**TASK OBJECTIVE:** What is needed here is an exact printout of the data, with no pictures included.

(Image-backed grounding data)
--*--

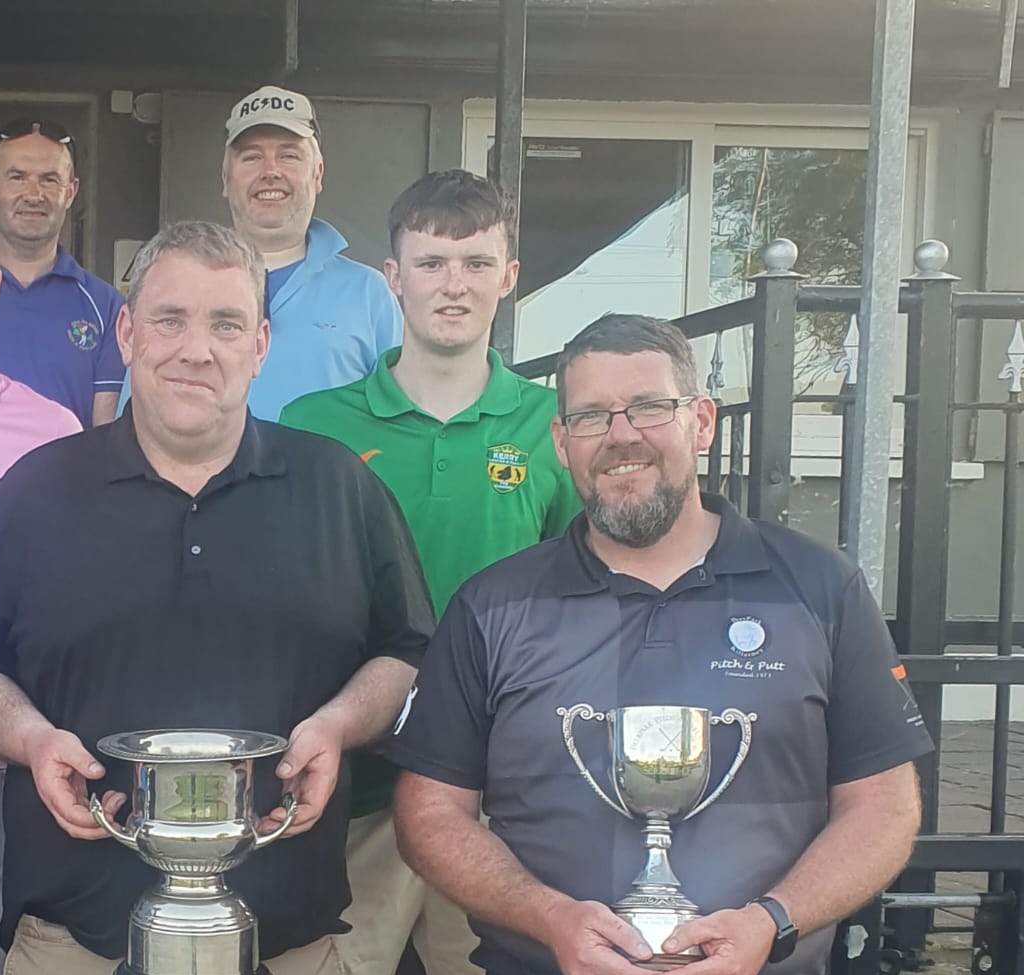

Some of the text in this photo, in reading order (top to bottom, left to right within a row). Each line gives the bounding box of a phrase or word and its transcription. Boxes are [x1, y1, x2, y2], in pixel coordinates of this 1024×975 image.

[710, 659, 786, 671] Pitch & Putt
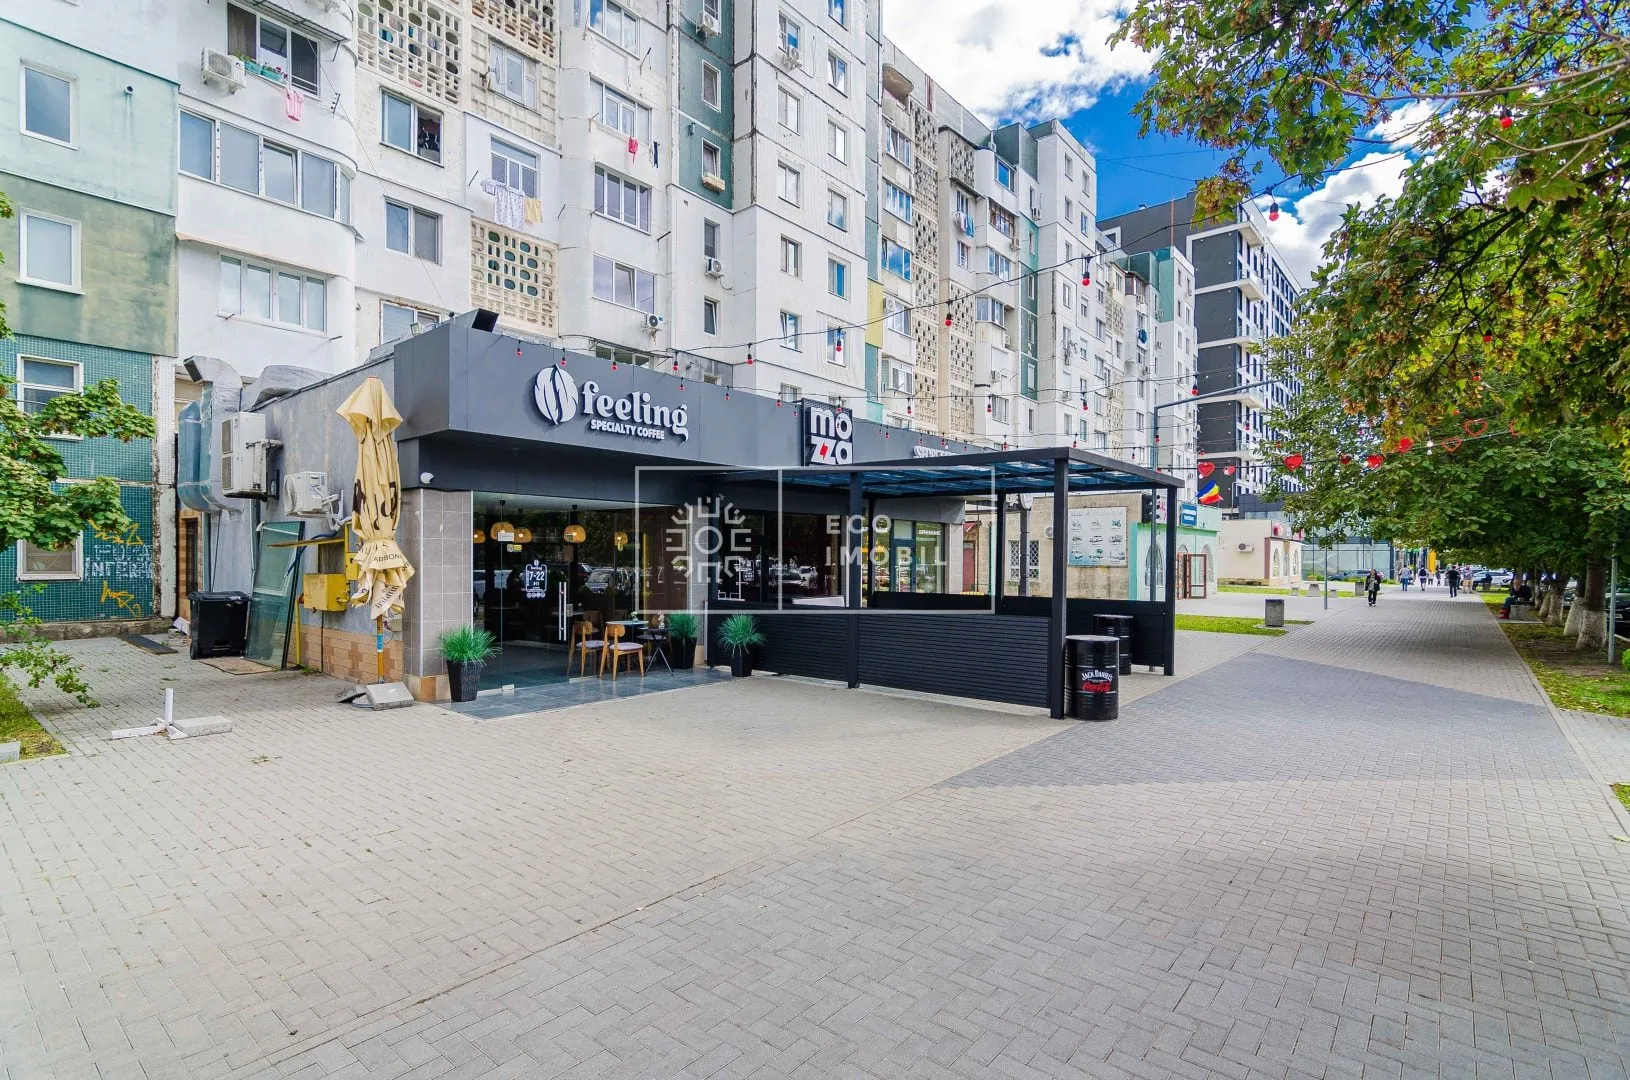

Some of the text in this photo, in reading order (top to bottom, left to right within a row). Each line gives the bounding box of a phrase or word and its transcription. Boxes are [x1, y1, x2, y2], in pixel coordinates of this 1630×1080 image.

[582, 380, 689, 442] feeling
[590, 419, 665, 440] SPECIALTY COFFEE
[810, 406, 852, 440] mo
[529, 571, 545, 581] 7-22
[1081, 671, 1094, 681] JACK
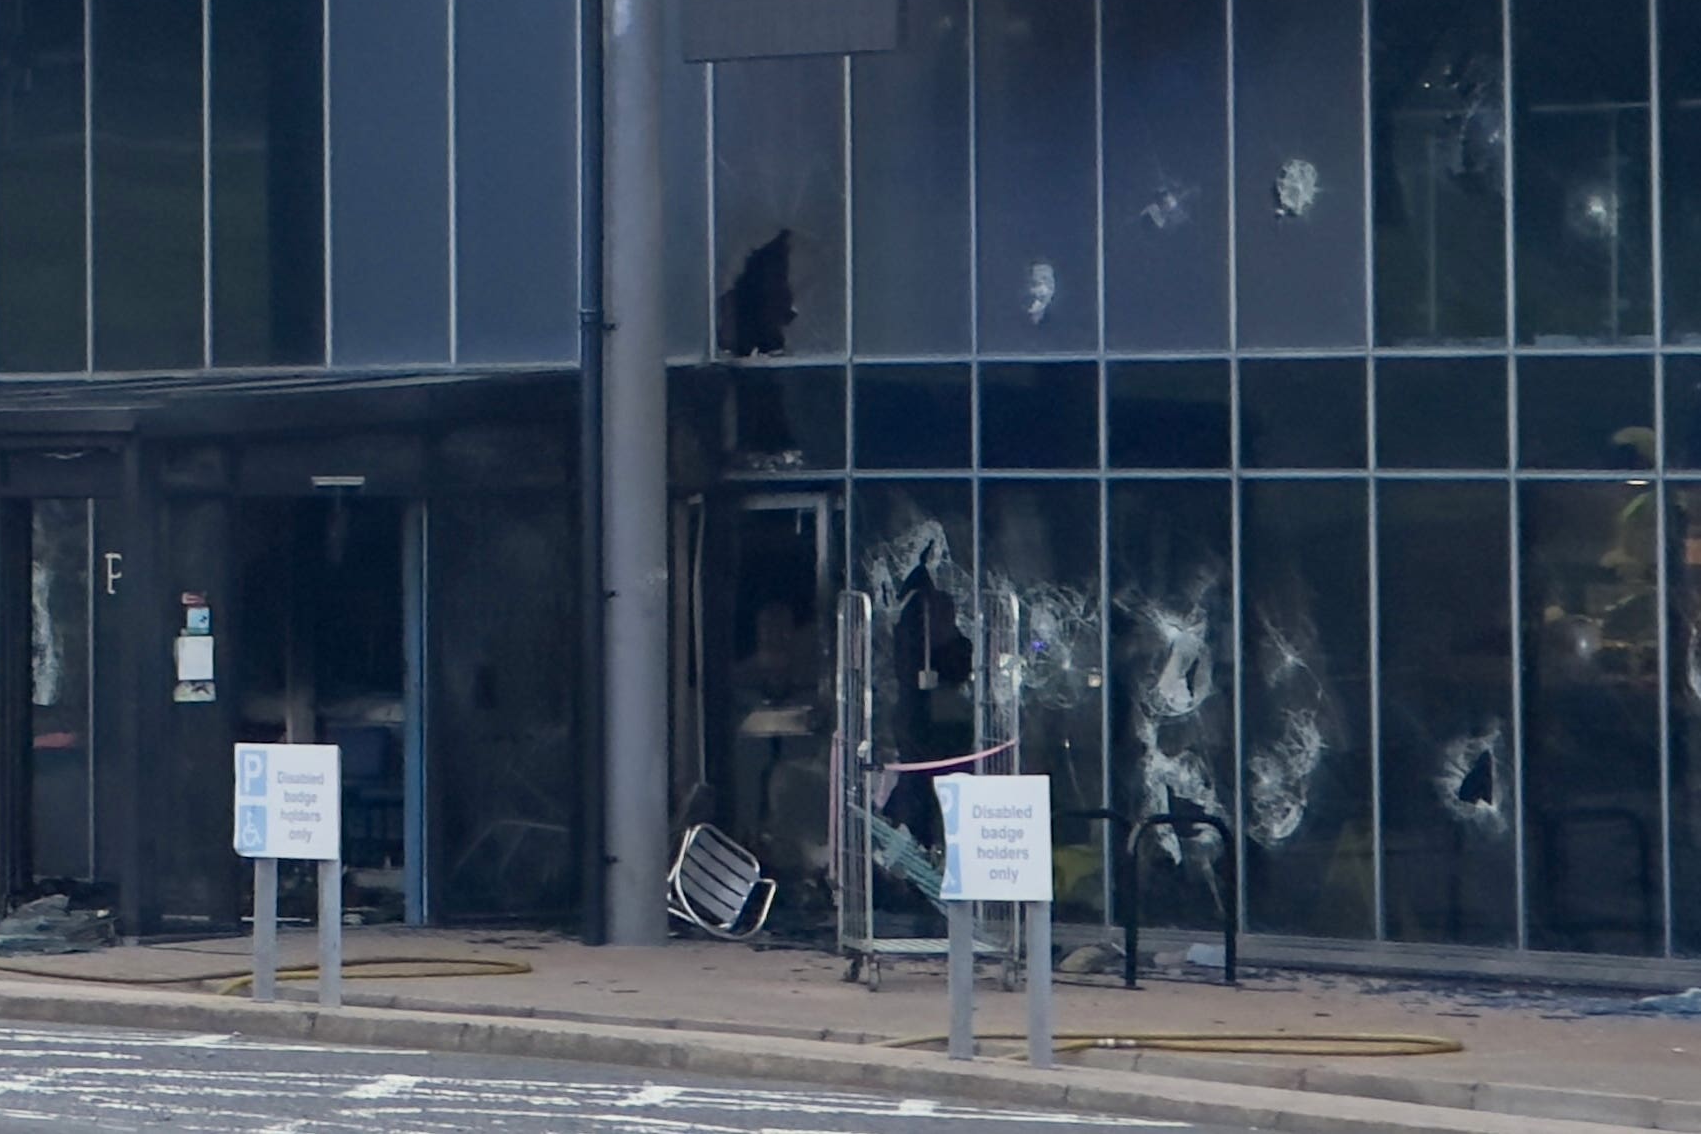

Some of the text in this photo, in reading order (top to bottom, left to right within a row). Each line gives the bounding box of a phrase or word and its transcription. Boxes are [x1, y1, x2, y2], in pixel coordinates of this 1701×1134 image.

[277, 770, 324, 785] Disabled
[283, 790, 318, 807] badge
[280, 809, 322, 823] holders
[972, 804, 1033, 819] Disabled
[288, 827, 313, 844] only
[981, 825, 1025, 843] badge
[976, 846, 1030, 861] holders
[989, 867, 1020, 885] only
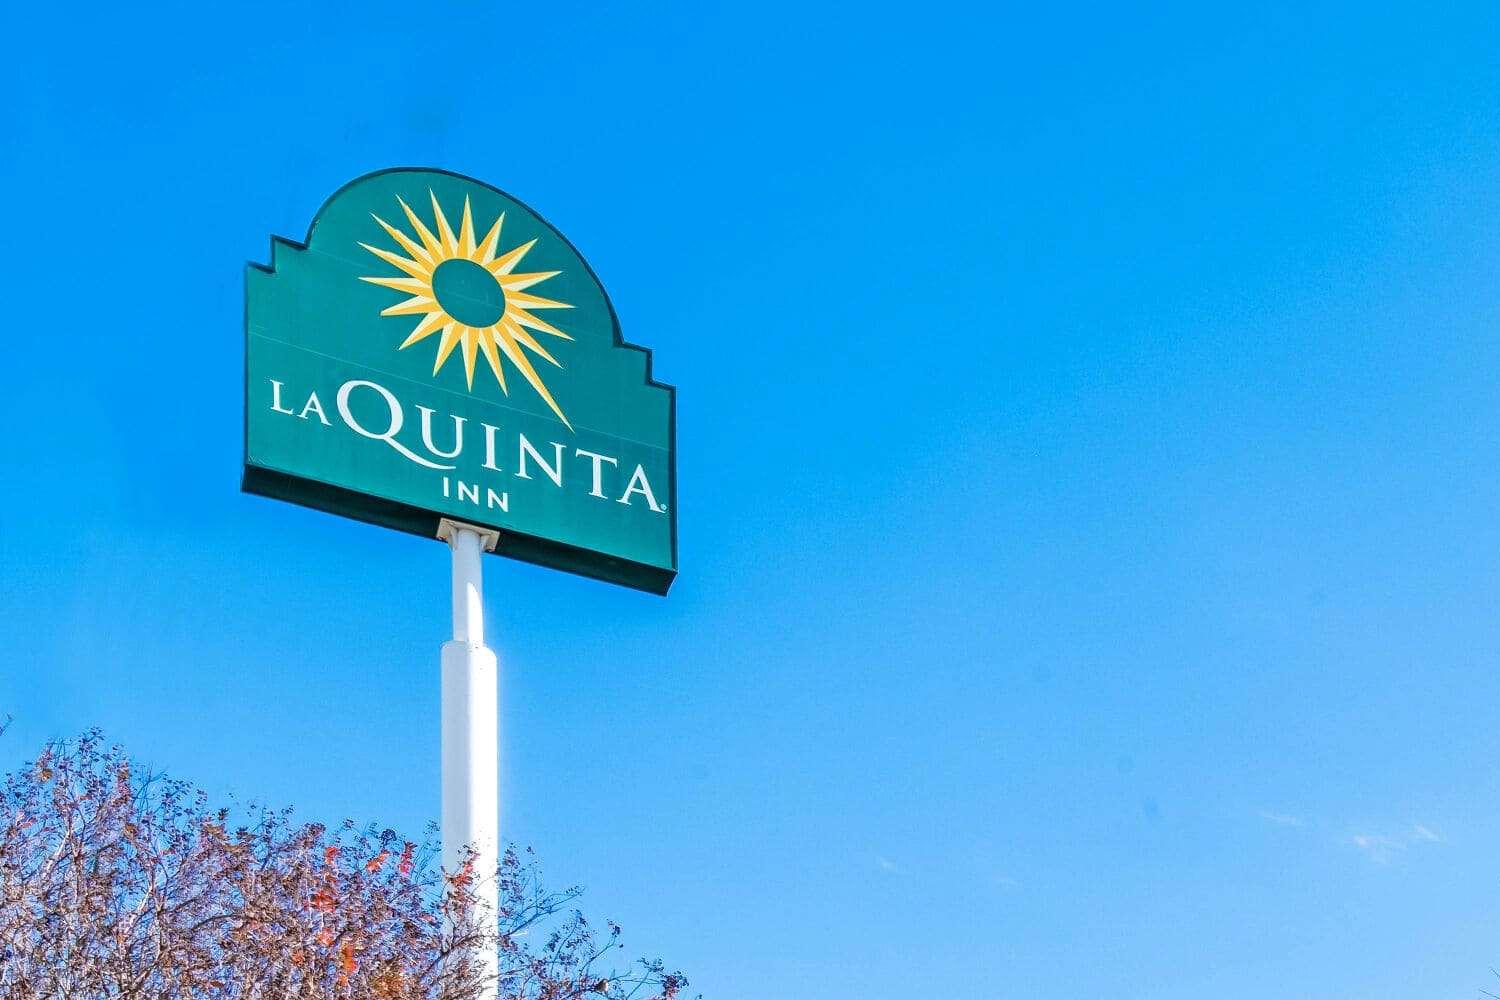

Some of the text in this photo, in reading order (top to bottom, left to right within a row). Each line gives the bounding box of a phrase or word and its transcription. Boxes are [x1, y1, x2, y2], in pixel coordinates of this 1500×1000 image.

[270, 379, 668, 514] LA QUINTA
[442, 476, 509, 513] INN

--*--

**SOLUTION TO THIS EXERCISE:**
Some of the text in this photo, in reading order (top to bottom, left to right within a row). Each line gives the bounding box of a phrase or word and its transcription. Boxes are [x1, y1, x2, y2], in pixel coordinates of this 1024×975 image.

[710, 659, 786, 671] Pitch & Putt

Some of the text in this photo, in reading order (top to bottom, left to right within a row). Each line gives the bounding box of a phrase or word and its transcription. Boxes are [x1, y1, x2, y2], in pixel coordinates of this 1630×1080 image.

[582, 380, 689, 442] feeling
[590, 419, 665, 440] SPECIALTY COFFEE
[810, 406, 852, 440] mo
[529, 571, 545, 581] 7-22
[1081, 671, 1094, 681] JACK

Some of the text in this photo, in reading order (top to bottom, left to right within a row). Each line gives the bounding box of a phrase or word and its transcription. Boxes are [x1, y1, x2, y2], in pixel coordinates of this 1701×1134 image.

[277, 770, 324, 785] Disabled
[283, 790, 318, 807] badge
[280, 809, 322, 823] holders
[972, 804, 1033, 819] Disabled
[288, 827, 313, 844] only
[981, 825, 1025, 843] badge
[976, 846, 1030, 861] holders
[989, 867, 1020, 885] only

Some of the text in this photo, in reading order (top to bottom, left to right within a row). Each line gives the bounding box of a phrase or word and its transcription. Boxes are [x1, y1, x2, y2], in pixel coordinates of this 1500×1000 image.

[270, 379, 668, 514] LA QUINTA
[442, 476, 509, 513] INN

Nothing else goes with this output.